To get it level, you could put a circular "bull's eye" spirit level on it and three adjustable feet, and manually level it each time you want to use it. This is what I did with my telescope and it works but is annoying.

Fancy laser levels (including Jez's) are able to automatically level themselves as long as they are positioned within a few degrees of vertical. I have thought of a couple of ways to achieve this.

Gravity

You could suspend the laser level from a short length of string, or a ball-and-socket joint, and let its weight pull it square like a plumb bob. This would work as long as the centre of mass is perfectly in the centre (but that's easy to adjust). The potential problem is that the motor might induce resonant vibration, which could result in a wobbly line, which would be more or less amusing depending on how badly you want a straight line on the wall.

You could overcome the vibration either with some damping, or by using a locking ball-and-socket. With the locking ball-and-socket you could just require the user to set the device up in place, wait for it to settle, and then tighten the joint so that it can't move before switching the laser on. It might be easy enough, but I would be concerned about the ball getting moved slightly as the joint is tightened up, and it does mean you have to commit to the height before you have even seen what the height is, so might actually involve multiple rounds of setting the height and then checking it.

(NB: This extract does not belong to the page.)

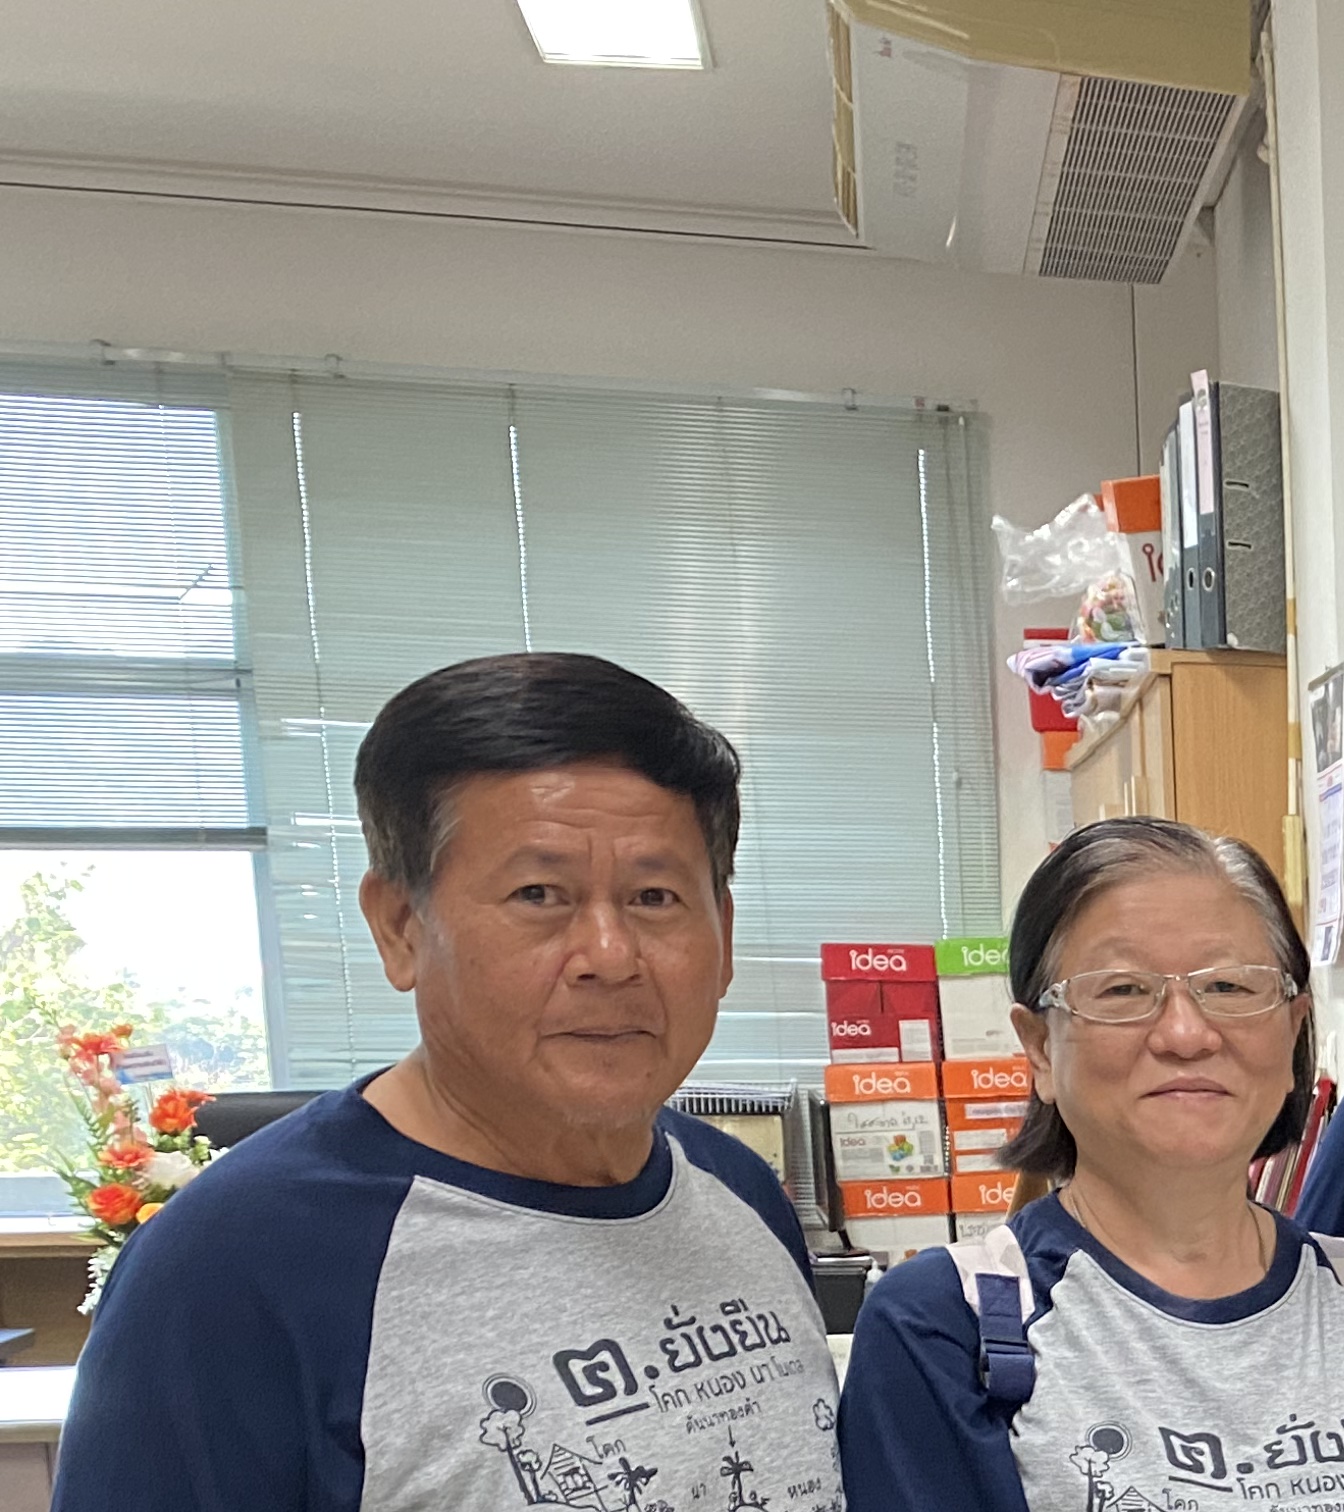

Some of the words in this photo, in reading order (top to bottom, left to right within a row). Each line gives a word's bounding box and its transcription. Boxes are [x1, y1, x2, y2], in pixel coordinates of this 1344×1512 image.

2 servos and an accelerometer

This is a rather "brute-force" solution to the problem: a 3-axis accelerometer can detect when it is not level (because it'll have some X or Y acceleration), and then we can use 2 servos to level it in the XY plane. This would not be hard to implement, but it means adding a microcontroller to what would otherwise be a relatively mechanical project. Might be worth doing though.

Thanks for reading. I think that's all I have to say about laser level design for now.